January 16, 1997|By Peter A. Jay
HAVRE DE GRACE -- Now it's half-past January, and there's an edge to the wind. On the oaks, the white oaks especially, the leaves of last summer are still clinging to the branches. The tenacity of the dead oak leaves is celebrated; when the wind blows they rustle and rattle, shiver and shake, but they don't let go.
We have a good many oaks of various types around the farm, but the two nearest the house, both white oaks, are the children of Talbot County's famous Wye Oak. I got them from the state as seedlings maybe 20 years ago, when as I recall they were free for the asking and came through the mail.

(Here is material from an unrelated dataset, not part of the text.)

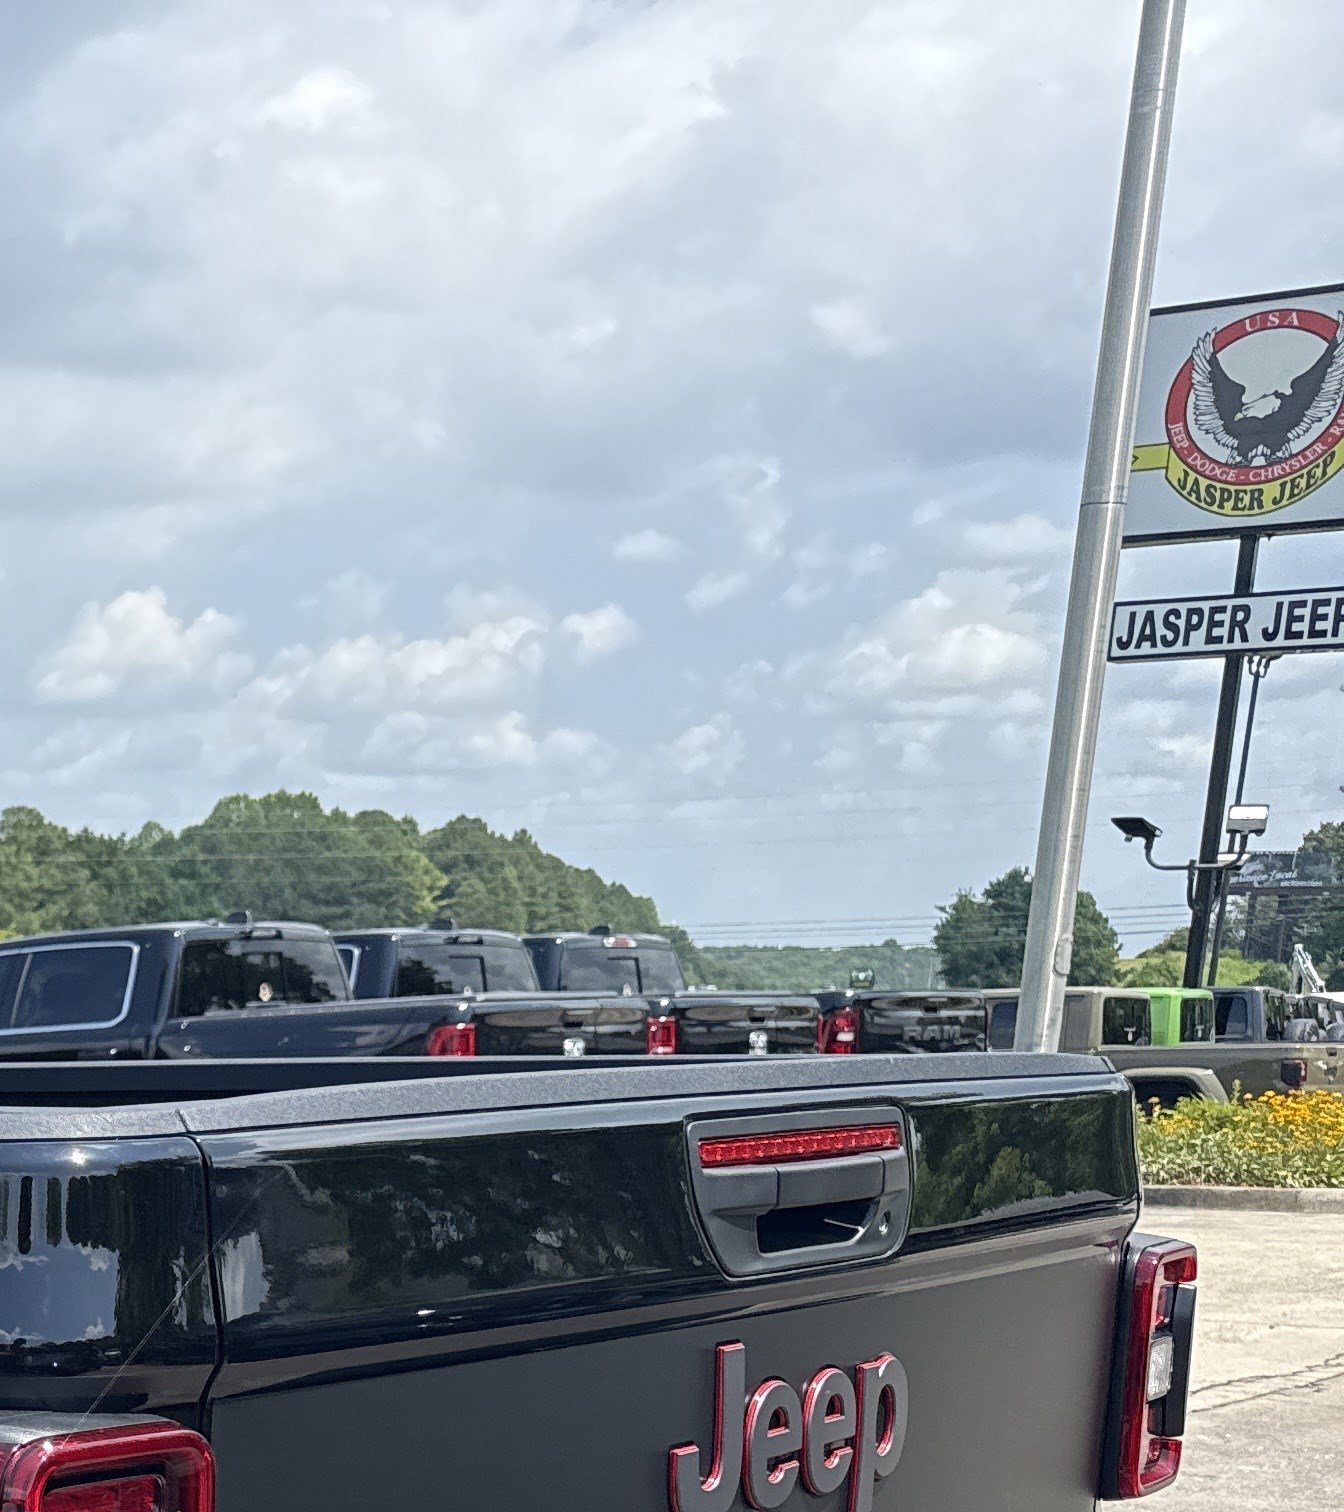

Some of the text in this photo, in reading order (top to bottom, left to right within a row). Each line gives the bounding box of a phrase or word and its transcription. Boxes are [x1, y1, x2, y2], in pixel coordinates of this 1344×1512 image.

Now they're substantial young trees, their trunks more than a foot through at chest height. In another 50 years, if they can survive gypsy moths, hurricanes and bulldozers, they ought to be very impressive. I wish I'd planted a few more, but I guess it isn't too late. These trees already produce plenty of acorns, and maybe I'll start some third-generation Wye Oaks.

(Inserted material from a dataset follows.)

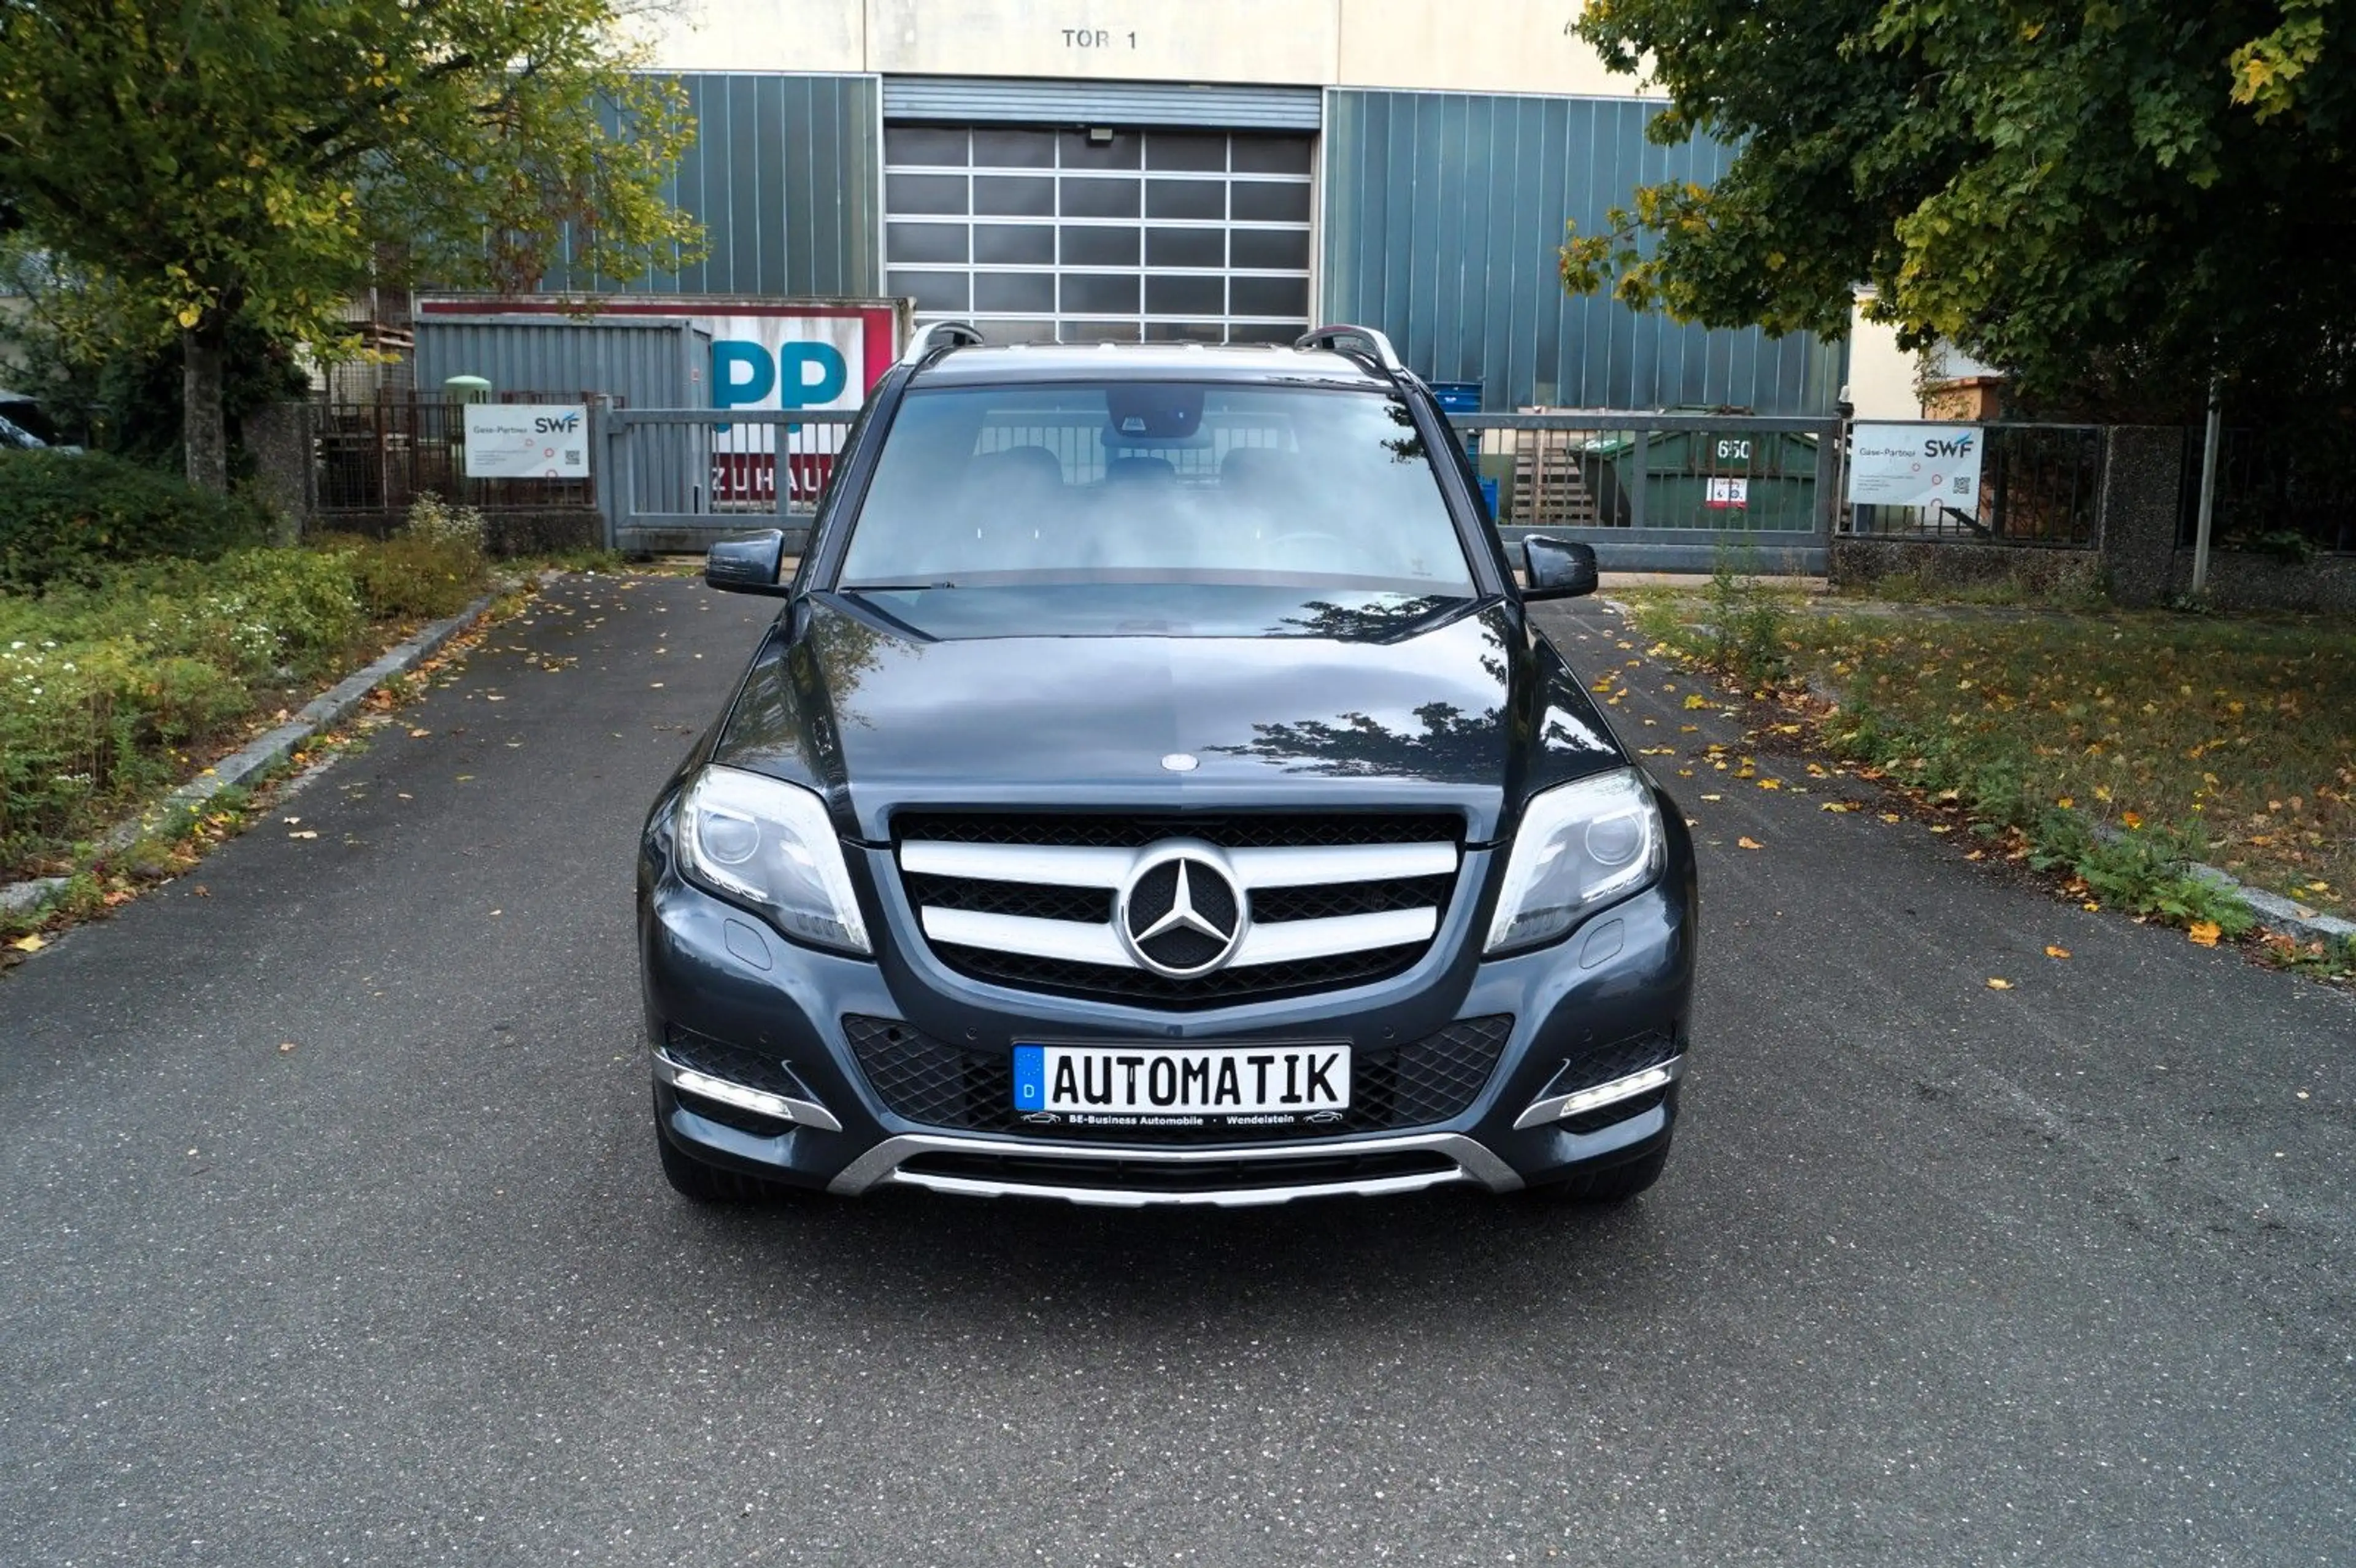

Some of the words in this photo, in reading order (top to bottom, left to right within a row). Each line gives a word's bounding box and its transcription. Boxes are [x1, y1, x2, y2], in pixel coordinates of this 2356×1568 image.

Just now, though, the sound of the leaves is a reminder that it's past time to spread manure over the underground water lines, get the cows off the big hill down into the calving pasture, bolt the snowplow onto the little tractor, nail a piece of deer meat to a stump for the hawks and owls, and find an old feed tub for Pop's junk mail.
He's gone to Florida, and when the feed tub starts overflowing I box up his mail and send it down to him. I doubt he reads much of it, but on a cold evening I imagine he may burn it. This process accomplishes several useful things. By supporting UPS, it keeps the U.S. Postal Service from getting too cocky. It diverts trash from the Harford County landfills. And it keeps my father and stepmother warm without enriching some Florida utility.
We'd need to burn a lot of junk mail to keep our house warm at this time of year, but fortunately we have something better. We replaced several hundred yards of board fence this fall, and cut the old locust posts and oak boards into stove-length pieces which should last us until spring.
Most of those pieces of stovewood still have nails in them, so when I haul out the ashes from time to time, I have to be careful where I throw them. Usually I strain them through a piece of half-inch-mesh hardware cloth first to collect the nails. Then I spread the ashes on the grass or, if there are still icy patches in the driveway or around the barnyard, sprinkle them there.
As for the old nails, I put them in a bucket. Eventually they'll go to the dump, which seems wasteful. Years ago a frugal farmer would have straightened them for reuse, unless his wife got to them first and spread them around the roots of her hydrangeas, where it was thought they would give the blossoms a richer blue.
Imperfect recycling
On a farm this sort of recycling becomes a way of life. But despite the effusions of the back-to-the-land magazines, it's not a perfect process. In the back of a shed I have a pile of old machine parts, most of which I ought to throw away. There are bolts, screws, odd-sized pieces of steel, scraps of chain, broken pumps, gearboxes and so forth. It's a mess.
But there's a law regarding such things. It says that once you throw something away, especially if it's something out of the ordinary or downright peculiar, within a week or two you'll need it and wish you had it back. And the corollary is that if you haven't thrown it away, and if you can find it when you go looking for it, and if it works as you hoped it would, the sense of vindication is intoxicating.
Another sort of recycling involves manure. Obviously, land which produces crops year after year but gets no organic matter returned to it becomes depleted. So if manure is available it's useful, at this time of year, to spread it on cropland. We've been doing that recently here, working away at two big piles which have been composting all summer and fall.
If there's no manure on the farm, substitutes are available. I have neighbors who, after jumping through various bureaucratic hoops, have been allowed to spread sludge from the sewage treatment plant. This should improve their soil significantly, in addition to helping dispose of unwanted municipal waste.
On the other hand, some land with high animal populations -- feedlots, chicken operations -- produces more manure than it can handle. If the stuff can get to the right place it can be usefully recycled, but getting it there isn't always easy, and often there are public-relations obstacles to overcome.
This is one modern agricultural problem to which non-farmers can relate, especially if they happen to be sanitary engineers.
Peter A. Jay is a writer and farmer.